*What is being asked*: Only the pictures are to be left out; write out the rest of the data exactly.

*Provided records*:
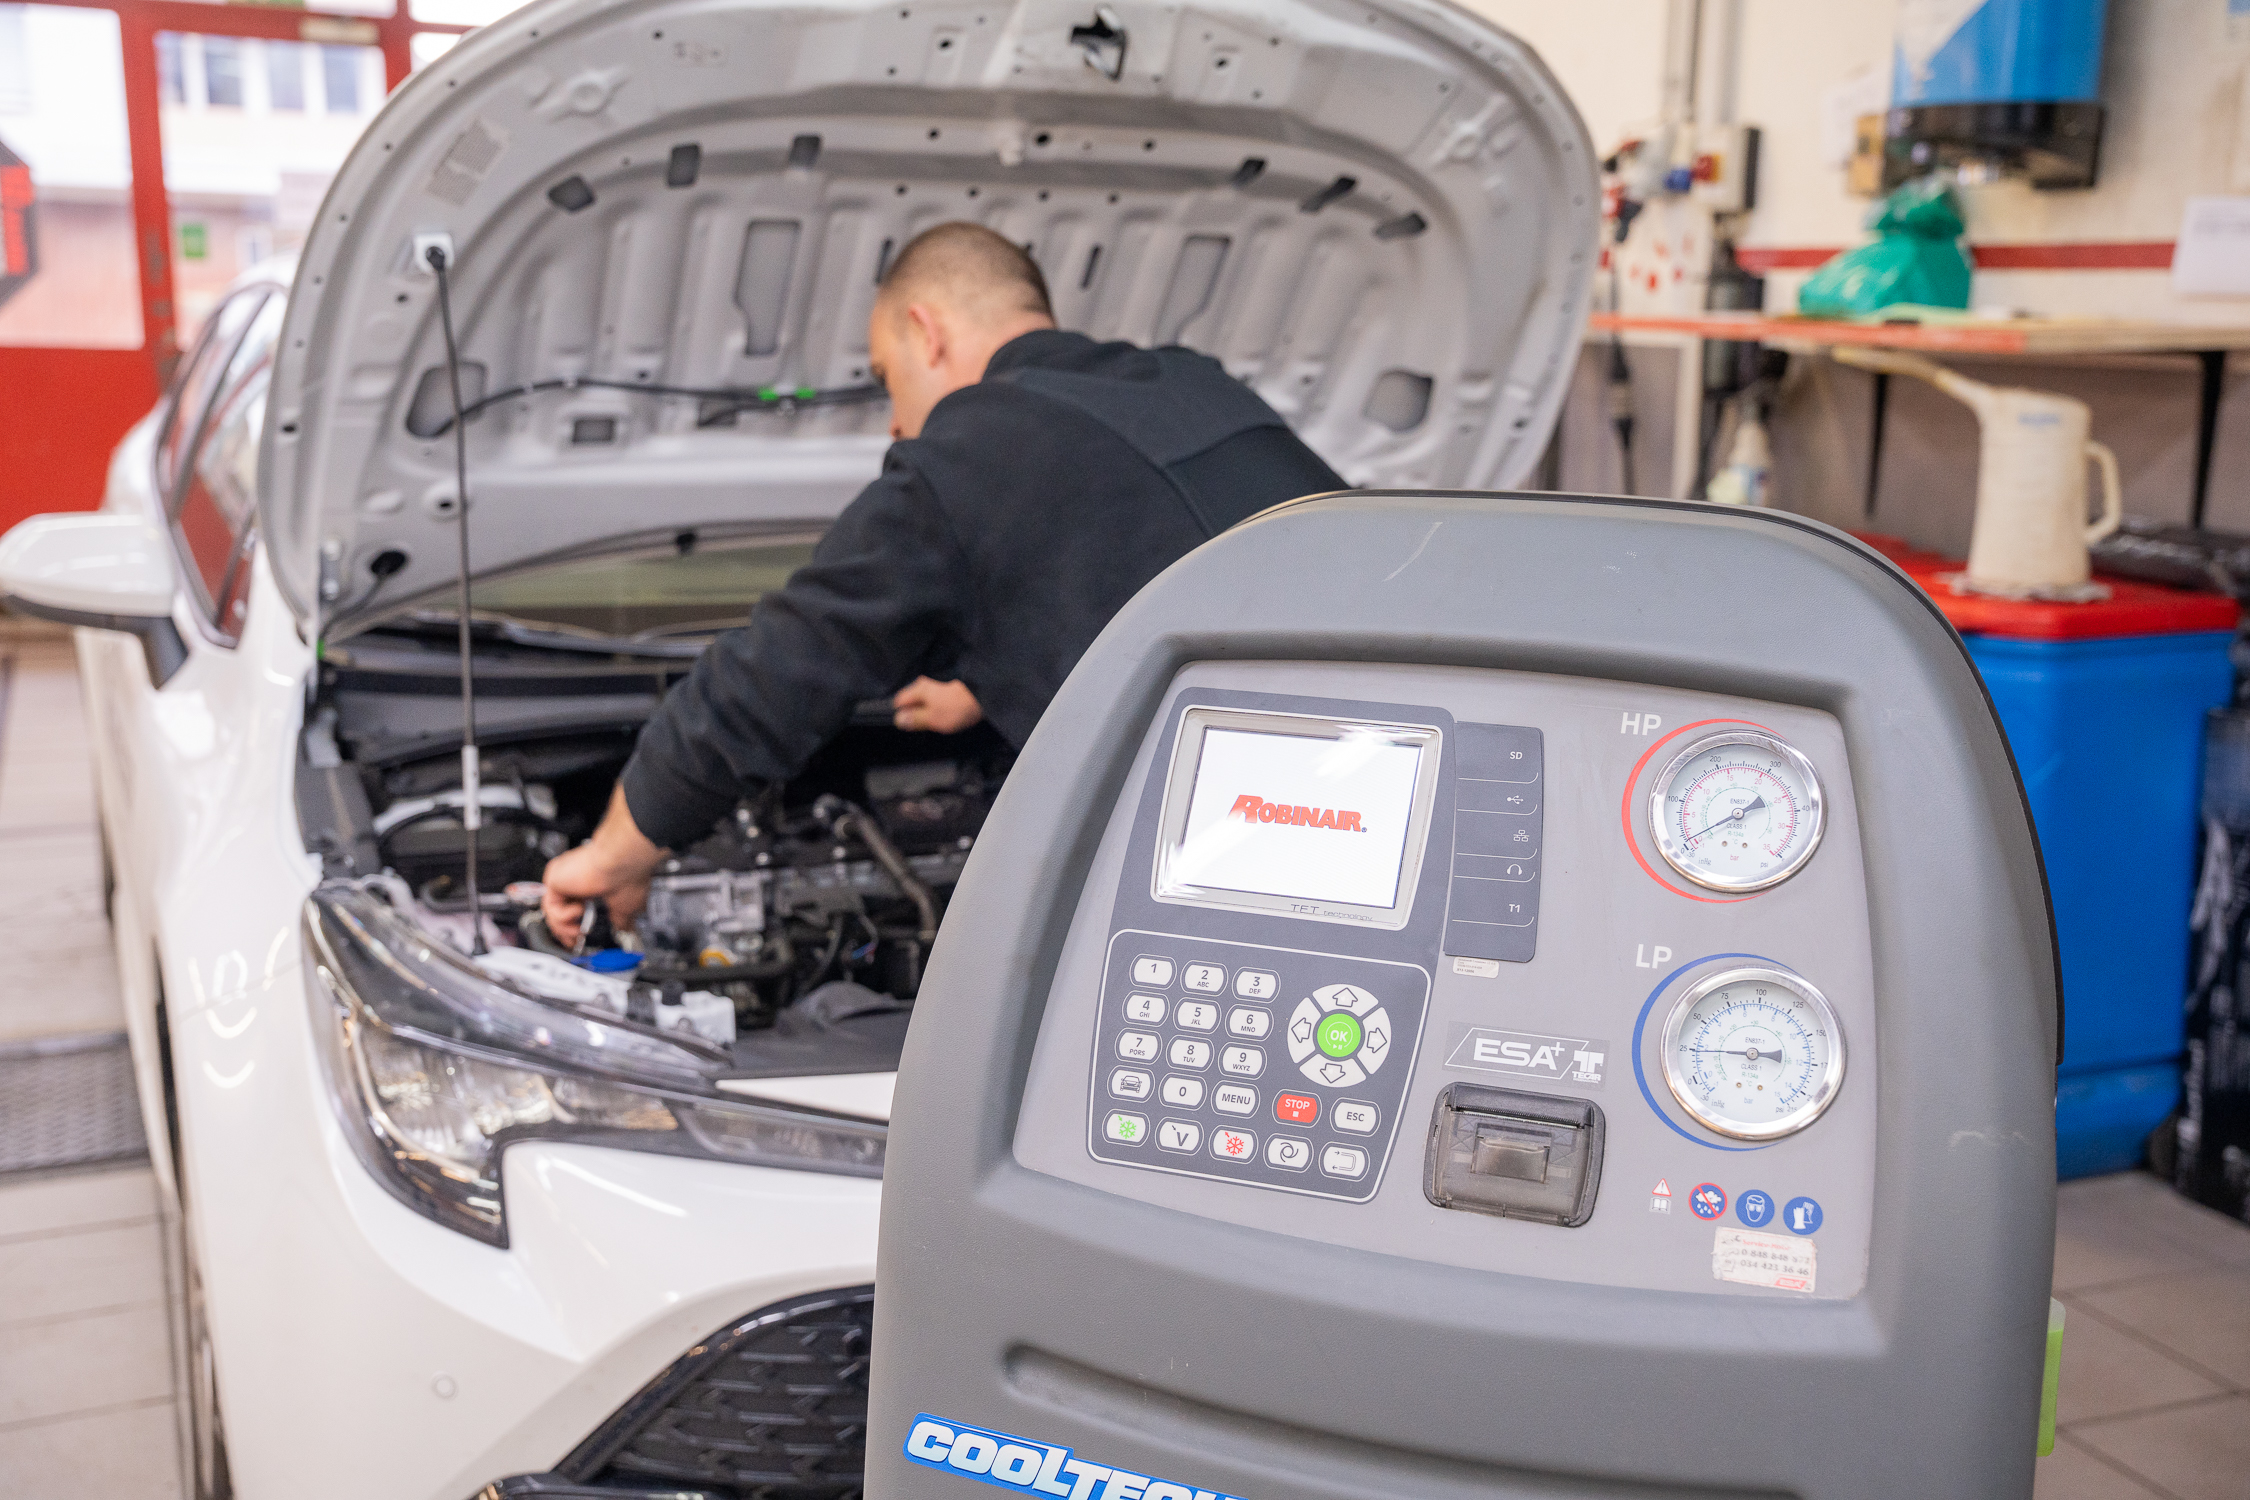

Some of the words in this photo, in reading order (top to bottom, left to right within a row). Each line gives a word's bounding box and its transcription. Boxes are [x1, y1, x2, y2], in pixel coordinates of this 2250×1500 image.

[1620, 712, 1662, 735] HP
[1227, 795, 1361, 832] ROBINAIR
[1509, 904, 1520, 913] T1
[1636, 944, 1672, 969] LP
[1151, 963, 1157, 973] 1
[1201, 970, 1209, 980] 2
[1253, 976, 1260, 986] 3
[1143, 1000, 1150, 1010] 4
[1194, 1007, 1201, 1017] 5
[1246, 1014, 1254, 1024] 6
[1330, 1030, 1348, 1043] OK
[1136, 1037, 1143, 1047] 7
[1187, 1045, 1194, 1055] 8
[1239, 1052, 1247, 1062] 9
[1222, 1093, 1250, 1105] MENU
[1285, 1098, 1310, 1110] STOP
[1711, 1100, 1724, 1108] inHg
[1346, 1112, 1364, 1122] ESC
[1176, 1132, 1189, 1146] V
[907, 1421, 1243, 1500] COOLTE

*Result of the exercise*:
Some of the words in this photo, in reading order (top to bottom, left to right within a row). Each line gives a word's bounding box and its transcription. Boxes are [x1, y1, x2, y2], in pixel coordinates of this 2250×1500 image.

[1620, 712, 1662, 735] HP
[1227, 795, 1361, 832] ROBINAIR
[1509, 904, 1520, 913] T1
[1636, 944, 1672, 969] LP
[1151, 963, 1157, 973] 1
[1201, 970, 1209, 980] 2
[1253, 976, 1260, 986] 3
[1143, 1000, 1150, 1010] 4
[1194, 1007, 1201, 1017] 5
[1246, 1014, 1254, 1024] 6
[1330, 1030, 1348, 1043] OK
[1136, 1037, 1143, 1047] 7
[1187, 1045, 1194, 1055] 8
[1239, 1052, 1247, 1062] 9
[1222, 1093, 1250, 1105] MENU
[1285, 1098, 1310, 1110] STOP
[1711, 1100, 1724, 1108] inHg
[1346, 1112, 1364, 1122] ESC
[1176, 1132, 1189, 1146] V
[907, 1421, 1243, 1500] COOLTE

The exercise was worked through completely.